- #1
cristina89
- 29
- 0
Homework Statement
My teacher solved this in class but I'm not understanding some parts of tis solution.
Show that [itex]\nabla_i V^i[/itex] is scalar.
Homework Equations
[itex]\nabla_i V^i = \frac{\partial V^{i}}{\partial q^{i}} + \Gamma^{i}_{ik} V^{k}[/itex]
The Attempt at a Solution
To start this, I'll solve this [itex]\Gamma^{i}_{ik}[/itex] first.

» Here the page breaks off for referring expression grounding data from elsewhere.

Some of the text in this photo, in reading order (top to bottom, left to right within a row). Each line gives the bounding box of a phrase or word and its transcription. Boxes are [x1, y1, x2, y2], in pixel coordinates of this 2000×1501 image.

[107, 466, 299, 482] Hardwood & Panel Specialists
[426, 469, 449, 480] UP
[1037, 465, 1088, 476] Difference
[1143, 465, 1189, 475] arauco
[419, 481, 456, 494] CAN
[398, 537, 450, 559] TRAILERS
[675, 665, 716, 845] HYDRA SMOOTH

[itex]\Gamma^{i}_{ik} = \frac{1}{2} g^{il} (\frac{\partial g_{lk}}{\partial q^{i}} + \frac{\partial g_{il}}{\partial q^{k}} - \frac{\partial g_{ki}}{\partial q^{l}}[/itex]

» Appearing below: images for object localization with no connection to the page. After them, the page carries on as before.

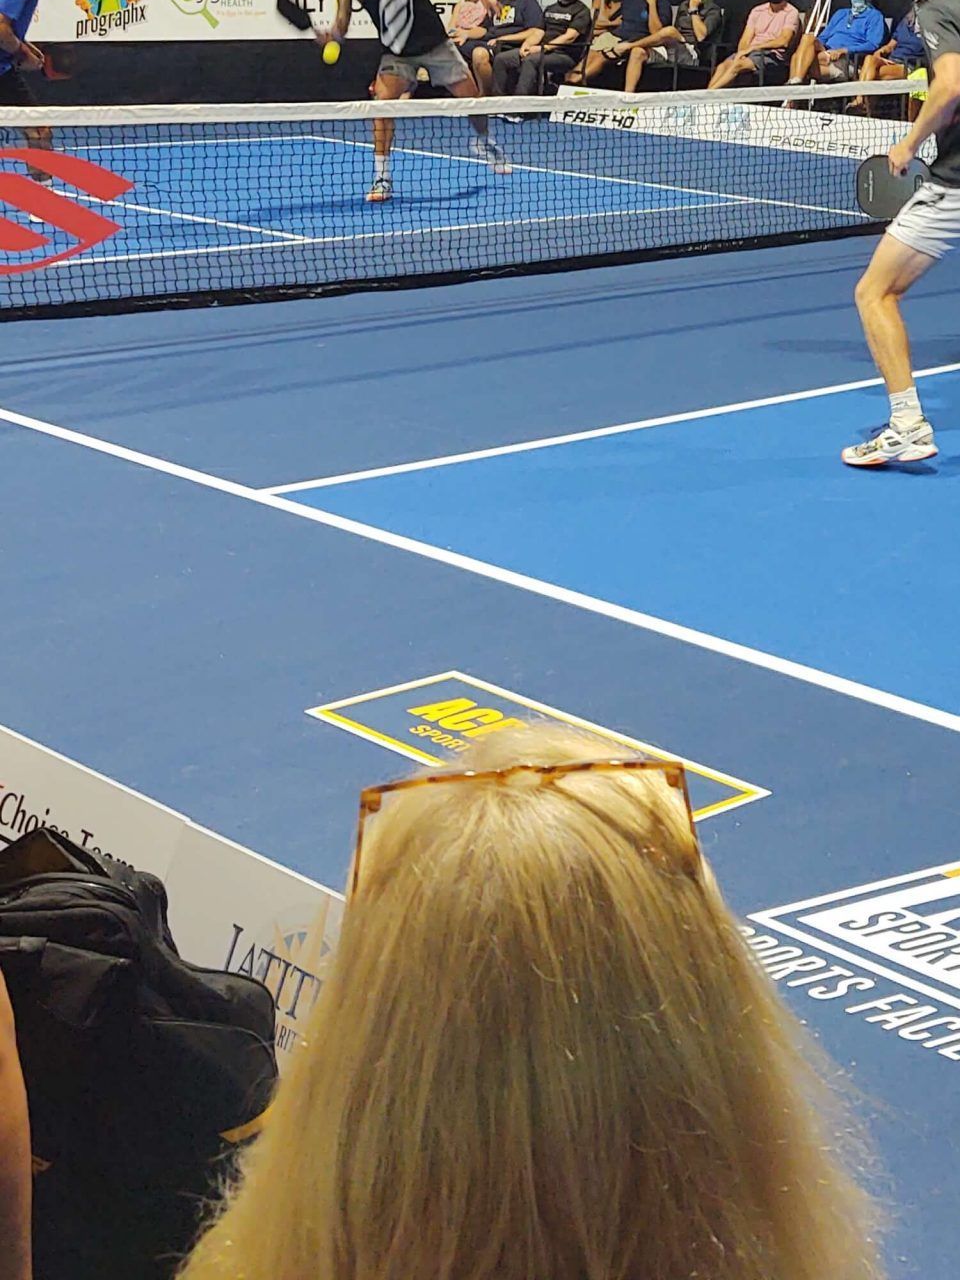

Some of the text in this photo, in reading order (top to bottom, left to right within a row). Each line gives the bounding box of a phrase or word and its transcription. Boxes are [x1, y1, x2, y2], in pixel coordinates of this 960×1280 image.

[76, 6, 146, 39] prographx
[562, 110, 635, 129] FAST 40
[769, 135, 871, 157] PADDLETEK
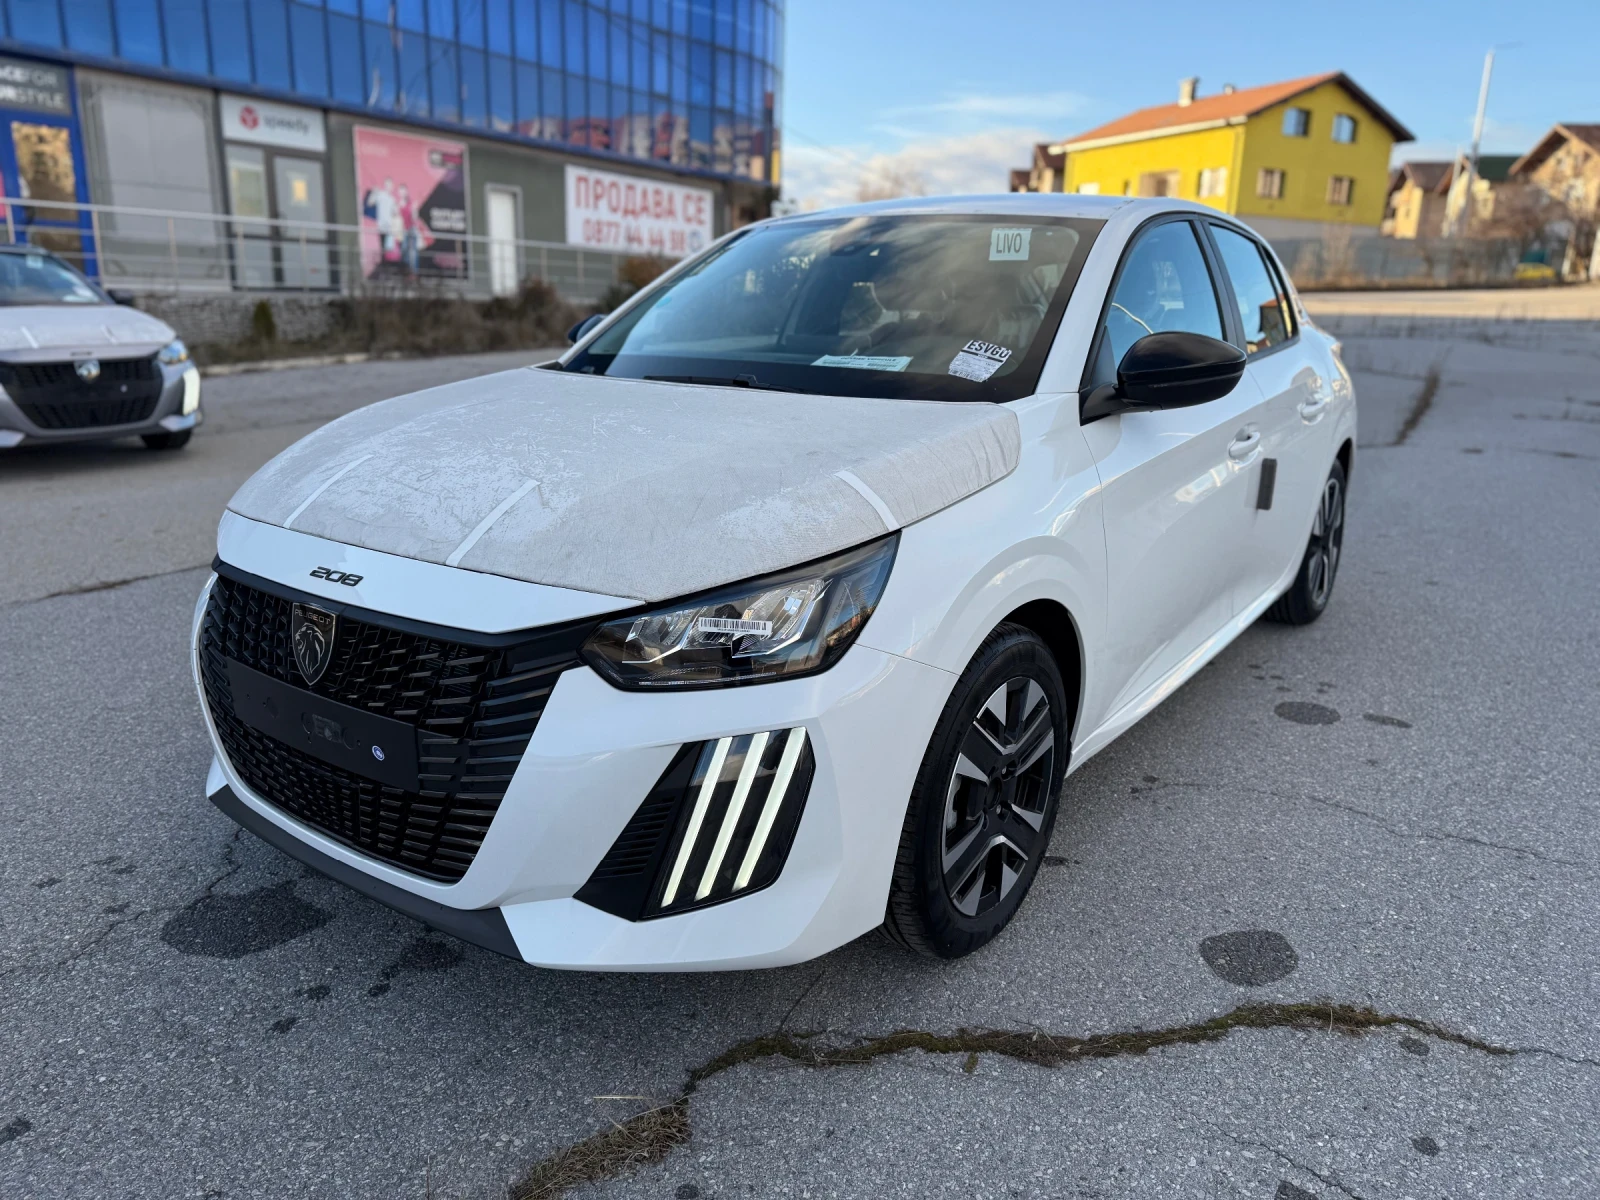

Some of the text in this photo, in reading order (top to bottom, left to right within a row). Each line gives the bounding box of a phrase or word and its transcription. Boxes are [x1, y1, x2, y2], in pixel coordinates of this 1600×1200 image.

[575, 175, 706, 226] ПРОДАВА СЕ
[583, 218, 620, 245] 0877
[996, 232, 1022, 254] LIVO
[309, 565, 364, 588] 208
[294, 608, 331, 625] PEUGEOT

[itex]\Gamma^{i}_{ik} = \frac{1}{2} g^{il} \frac{\partial g_{il}}{\partial q^{k}} = \frac{1}{2g} \frac{\partial g}{\partial q^{k}}[/itex]
[itex]\Gamma^{i}_{ik} = \frac{1}{\sqrt g}\frac{\partial \sqrt{g}}{\partial q^{k}}[/itex]
(THIS PART: how this [itex]\sqrt{g}[/itex] appeared??)
Continuing...
[itex]\nabla_i V^i = \frac{\partial V^{i}}{\partial q^{i}} + \frac{V^{k}}{\sqrt{g}} \frac{\partial \sqrt{g}}{\partial q^{k}}[/itex]
[itex]\nabla_i V^i = \frac{1}{\sqrt g} \partial_i (\sqrt g V^{i})[/itex]
And this last part... What happened to [itex]\partial q^{i}[/itex] and [itex]V^{k}[/itex]?